*** Opening Data section ***
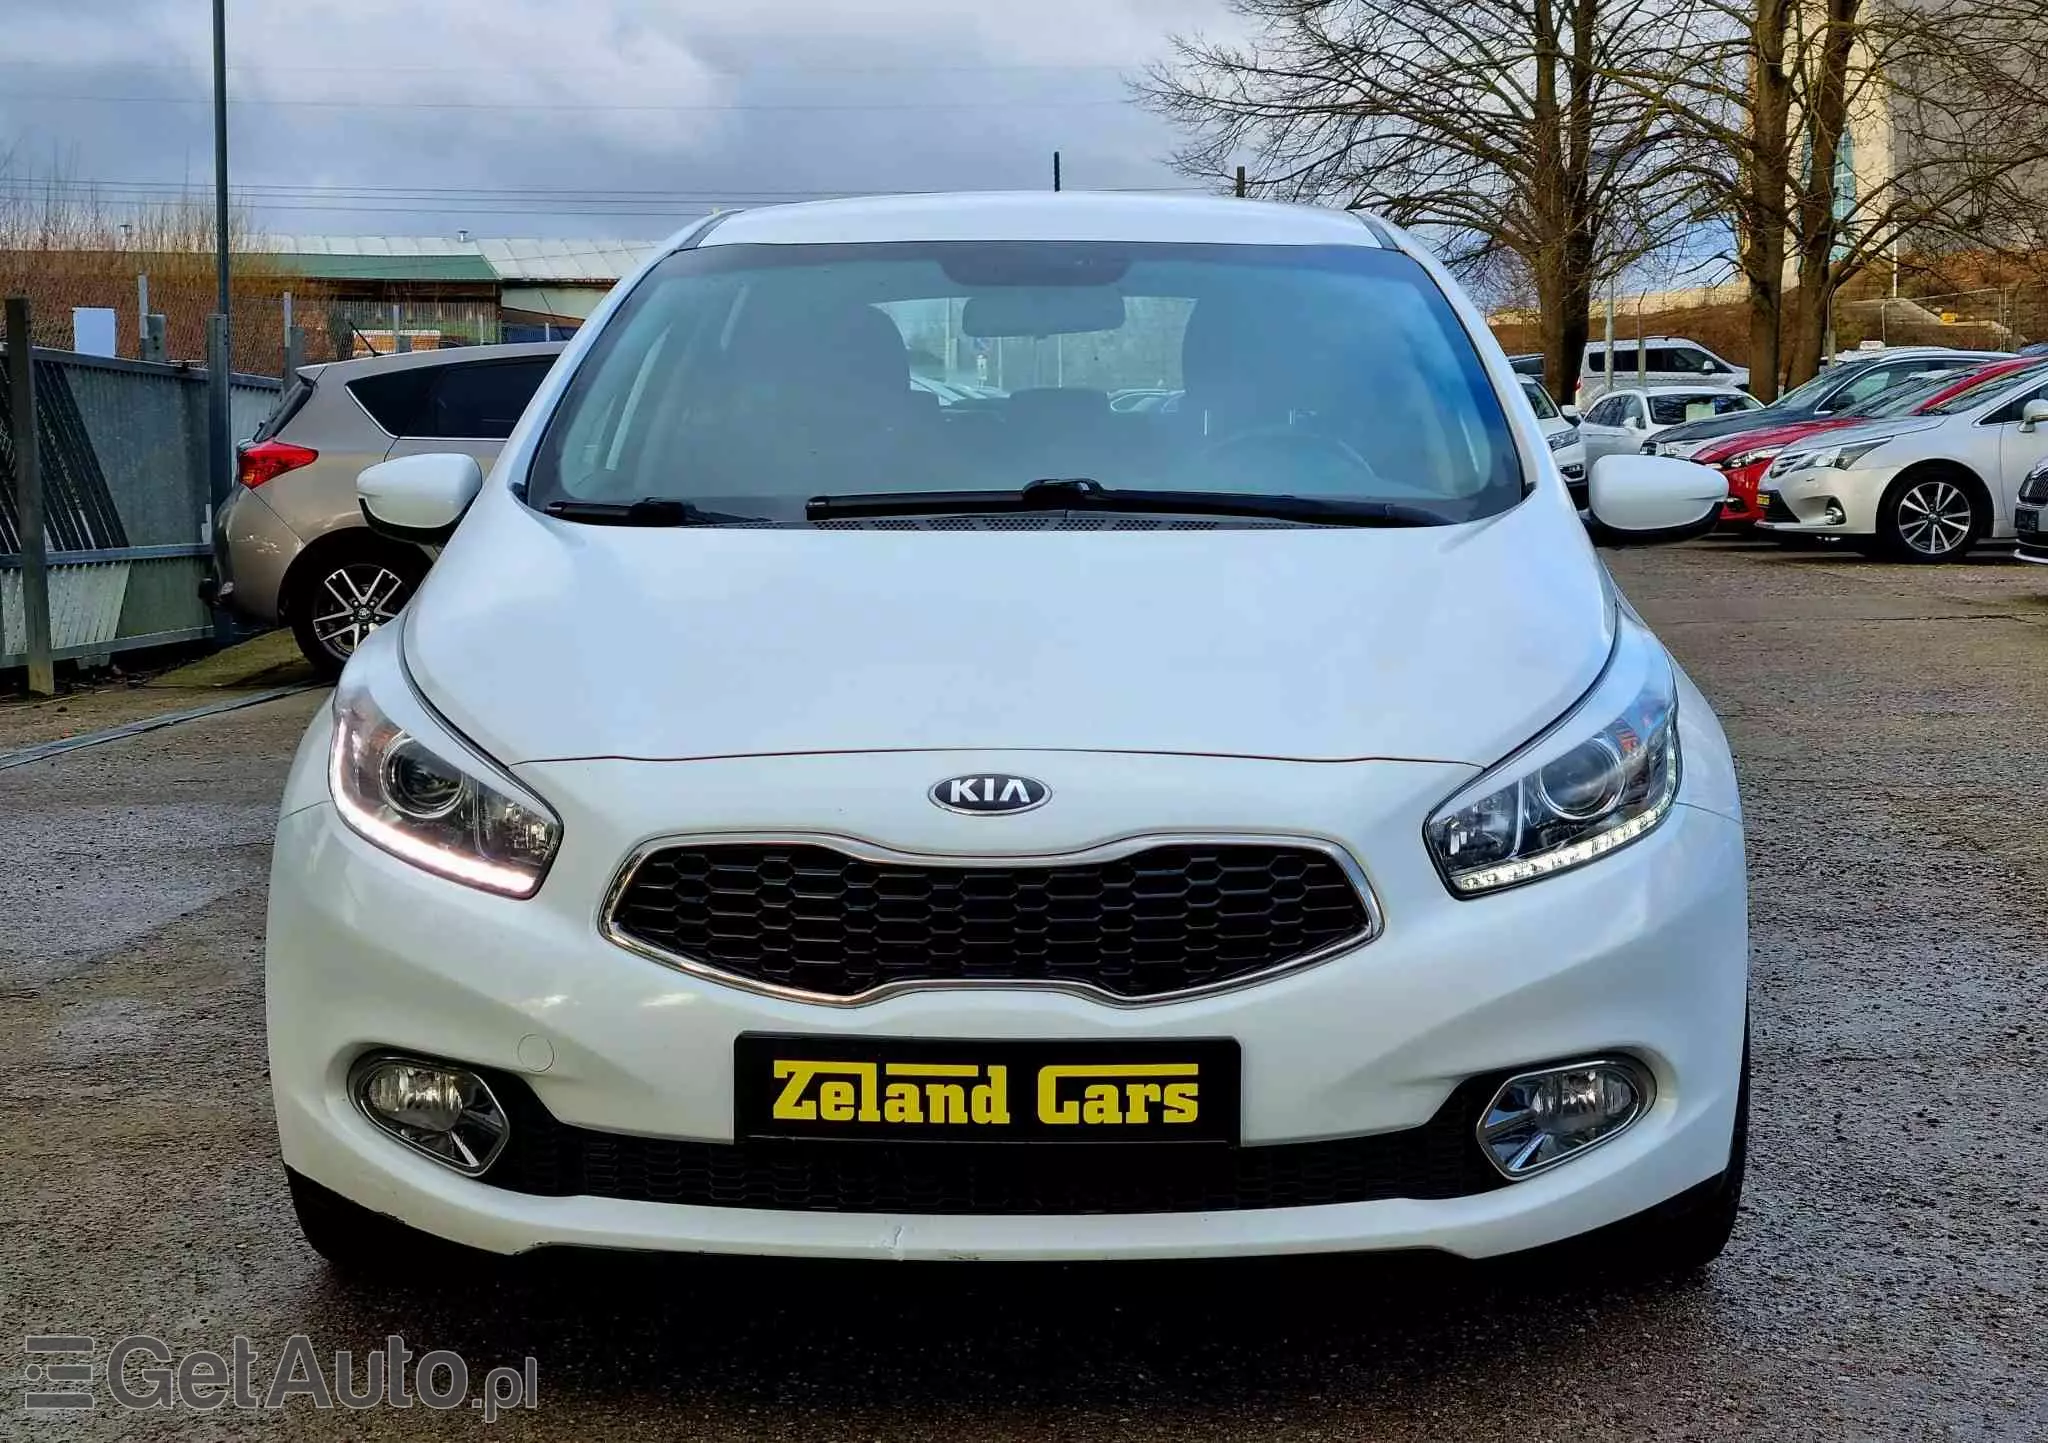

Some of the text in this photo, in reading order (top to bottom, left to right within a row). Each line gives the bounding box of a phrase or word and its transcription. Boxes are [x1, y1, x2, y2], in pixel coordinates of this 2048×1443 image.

[949, 778, 1031, 803] KIA
[773, 1059, 1199, 1124] Zeland Cars
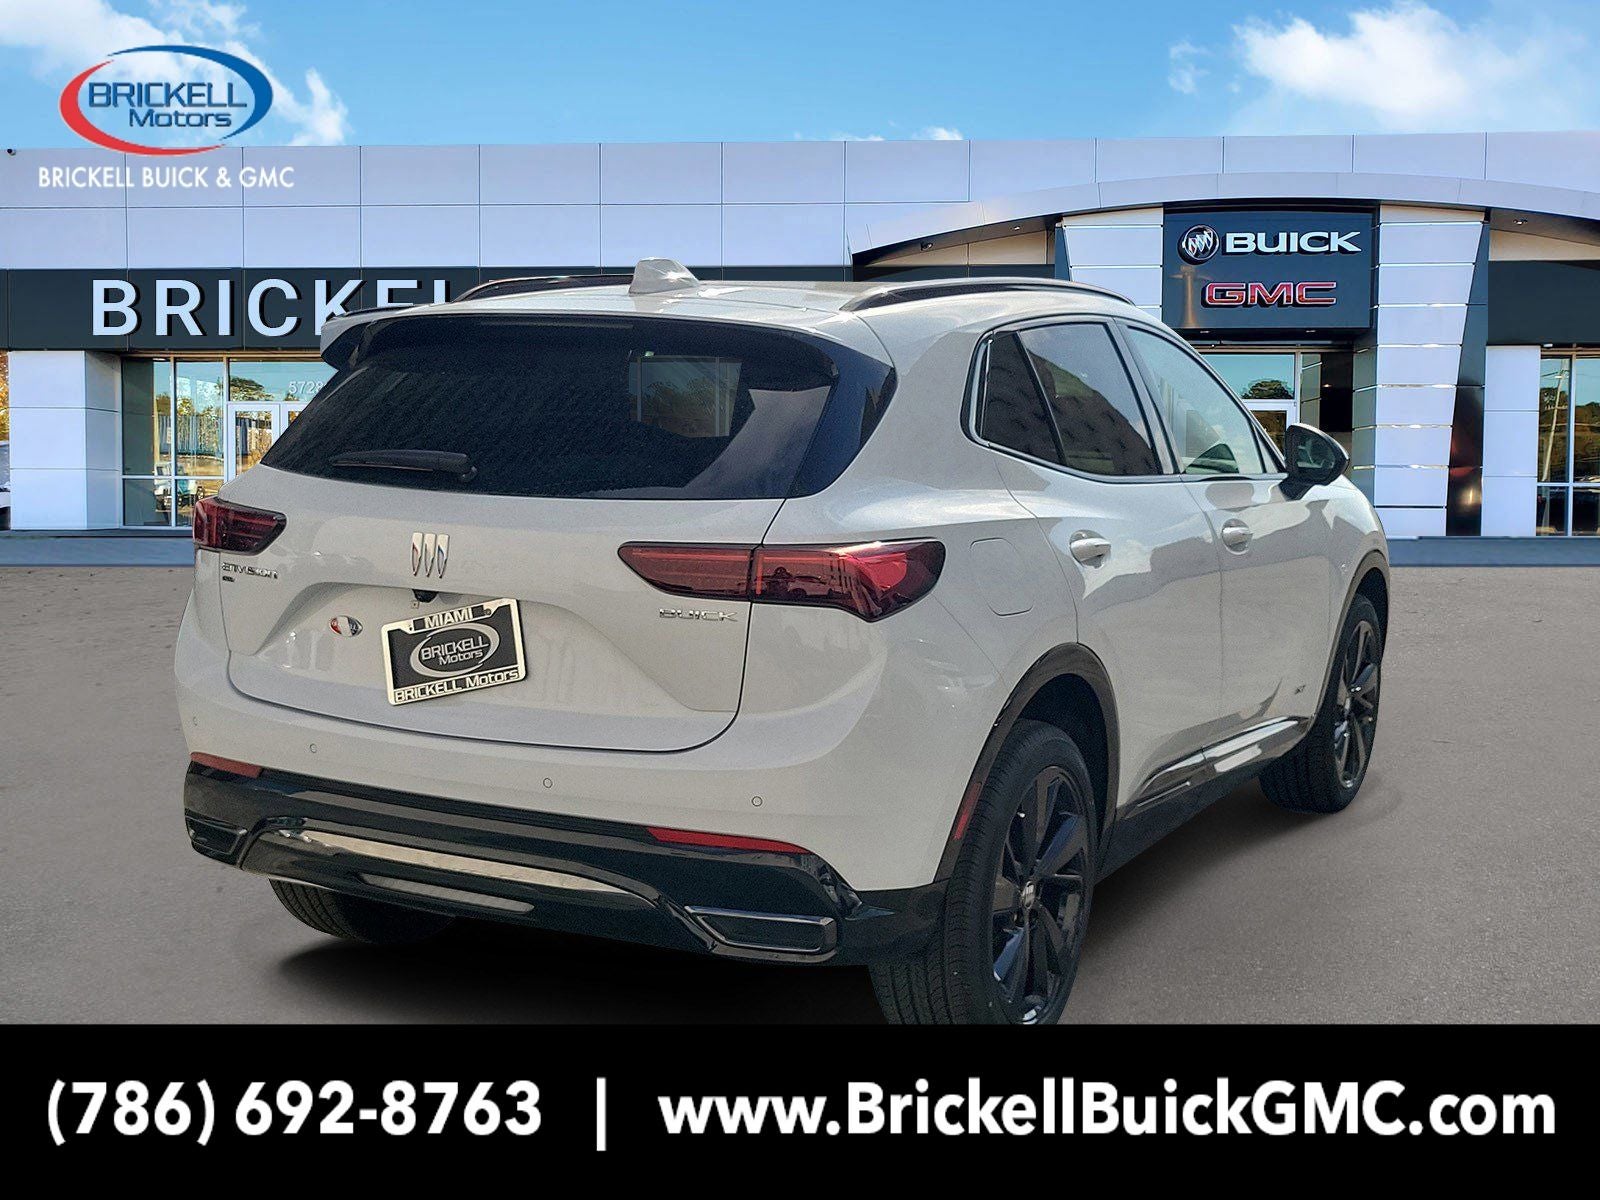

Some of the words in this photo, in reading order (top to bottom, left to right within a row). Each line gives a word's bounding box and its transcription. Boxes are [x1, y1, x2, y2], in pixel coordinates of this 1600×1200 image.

[1225, 231, 1362, 253] BUICK
[1205, 281, 1337, 305] GMC
[424, 607, 474, 629] MIAMI
[659, 607, 739, 622] BUICK
[420, 636, 489, 661] BRICKELL
[438, 649, 484, 666] Motors
[395, 679, 463, 703] BRICKELL
[465, 668, 520, 689] Motors
*** Closing Data section ***
Exercise aim. Every line from the one containing "Some of the words" to the end of the material above must be written out exactly. Nothing else is wanted.

Solution to this problem.
Some of the words in this photo, in reading order (top to bottom, left to right within a row). Each line gives a word's bounding box and its transcription. Boxes are [x1, y1, x2, y2], in pixel coordinates of this 1600×1200 image.

[1225, 231, 1362, 253] BUICK
[1205, 281, 1337, 305] GMC
[424, 607, 474, 629] MIAMI
[659, 607, 739, 622] BUICK
[420, 636, 489, 661] BRICKELL
[438, 649, 484, 666] Motors
[395, 679, 463, 703] BRICKELL
[465, 668, 520, 689] Motors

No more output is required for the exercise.